Saturday, April 14, 2007

Developing A Leader

Hello Stephen,

I would be interested to speak at the series. I have a background in Appropriate Technology and Sustainable Development. I have special interests in Biofuels and renewable energy. [My company] is a renewable energy cooperative which focuses on providing renewable energy products and services to members and then taking members equity and investing it into community scale community owed renewable energy projects. I would be happy to speak about renewable energies or biofuels or the Co-op. I think the workshop series sounds great let me know how I may fit into your vision for it.

Thank You, Jon


Jon,

Thanks for writing. We here do not know what that world may look like, and to help us envision that sustainable world, we are looking for visions of that world, that make the connections between the many ways we must seek sustainability.

Have you seen the blog I use as a workspace? (http://sfworkshop.blogspot.com/) In the posting "Thematic Structure", you will find guidance for workshop leaders in this workshop series. Specifically, "Leaders are asked to explore the vision of the world toward which they are reaching." Does this sound interesting to you? Would you like to try to project your solution into other realms of a future sustainable world? For example, will this fuel source be in competition with food supplies? Is it an appropriate technology for developing countries? What are its health effects? Are its production facilities robust and likely to remain in operation under adverse conditions of weather or poor quality of supplies?

Even if the immediate answers to my questions do not obviously lean toward long term sustainability, we want to know both the pros and the cons of any particular solution. This is the point of this workshop series: to make the connections, to find the strengths and the problems, and to make our solutions even more truly sustainable.

Please lets talk more, I'd like to hear your answers to my questions. Are you up for the challenge of envisioning a sustainable world?

Thanks!
Stephen Alrich Marshall



Stephen,

I would be delighted to project my solutions into the realms of the possible future sustainable world. I think the issue I would especially like to speak about is how all systems in the future will need to be examined as complete systems. By this I mean that right now most systems are designed to produce something but all of the necessary inputs to the system and all of the outputs for the system are often overlooked. I believe systems in the future will have to produce the inputs sustainably and reuse or recycle the outputs. "Closed Loop Design" is what this is often called. I have experience with creating a closed loop bio-diesel facility in North Carolina at Appalachian State University. I believe that all solutions for our future sustainable world will include this sort of thinking and designing. Jon


Jon,

I am delighted to hear from you again. Your enthusiasm is infectious and you are also obviously articulate and focused. I would like to have you on the roster somewhere. Have you perused the workshop topic list and found one you are drawn to? If you don't have the list of topics, you can find it at http://sfworkshop.blogspot.com/, where I have put my thoughts on the workshop series.

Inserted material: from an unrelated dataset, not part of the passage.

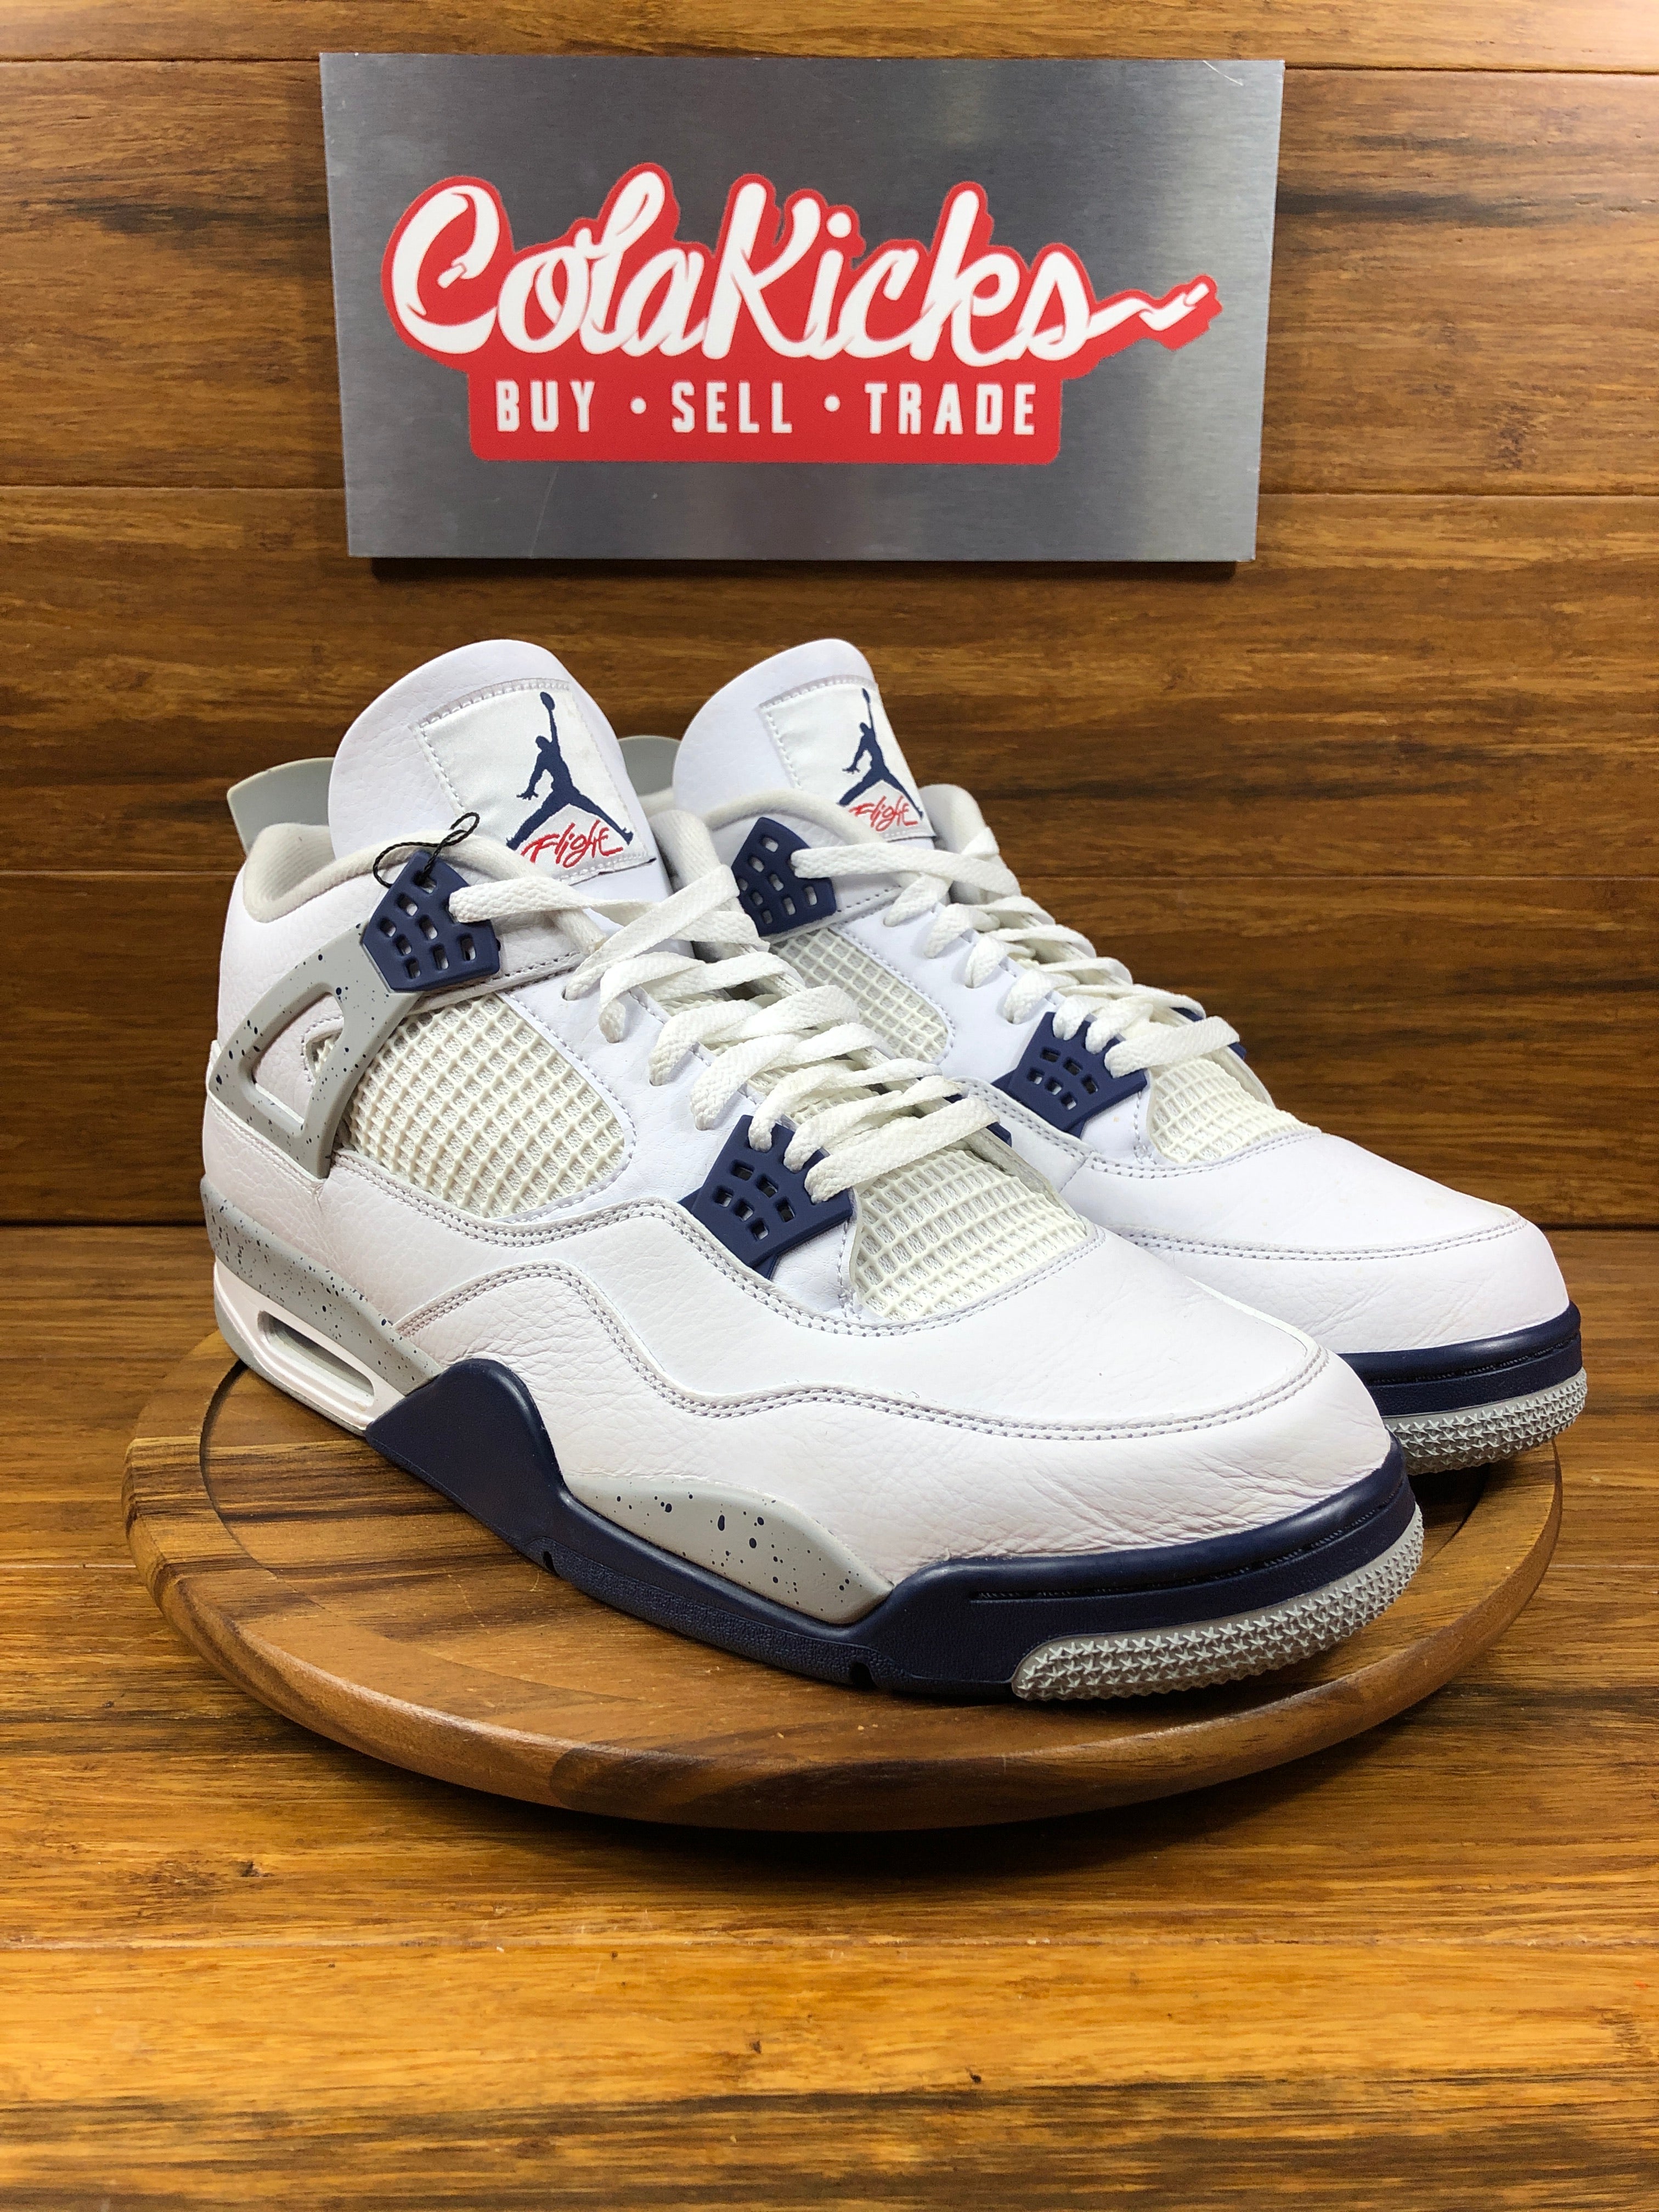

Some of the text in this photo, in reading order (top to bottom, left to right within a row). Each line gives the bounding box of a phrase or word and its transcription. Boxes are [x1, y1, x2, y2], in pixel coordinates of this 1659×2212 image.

[392, 171, 1209, 367] ColaKicks
[496, 380, 1036, 435] BUY SELL TRADE
[521, 819, 623, 868] Flight

I find in your notes the rubric "Closed Loop Design". This seems to me to be a topic of great importance that I have at best alluded to in my topic list. We may need to break up topic 1 (The Full Monte), because your topic would logically address its "Resource Depletion" sub-topic, and I doubt we could pack it all into an hour and a quarter.

Would you like to briefly develop your topic in the general outline for these workshops:
1) Describe the problem (ie., petroleum depletion, CO2 emissions, resource depletion)
2) Describe the solution (ie, bio-diesel, closed loop design)
3)Speculate on the impact of the solution on other sustainability solutions, especially those covered in other workshops.

As we have this conversation, My thinking is developing detail and clarity. Thanks for connecting and I look forward to hearing from you again.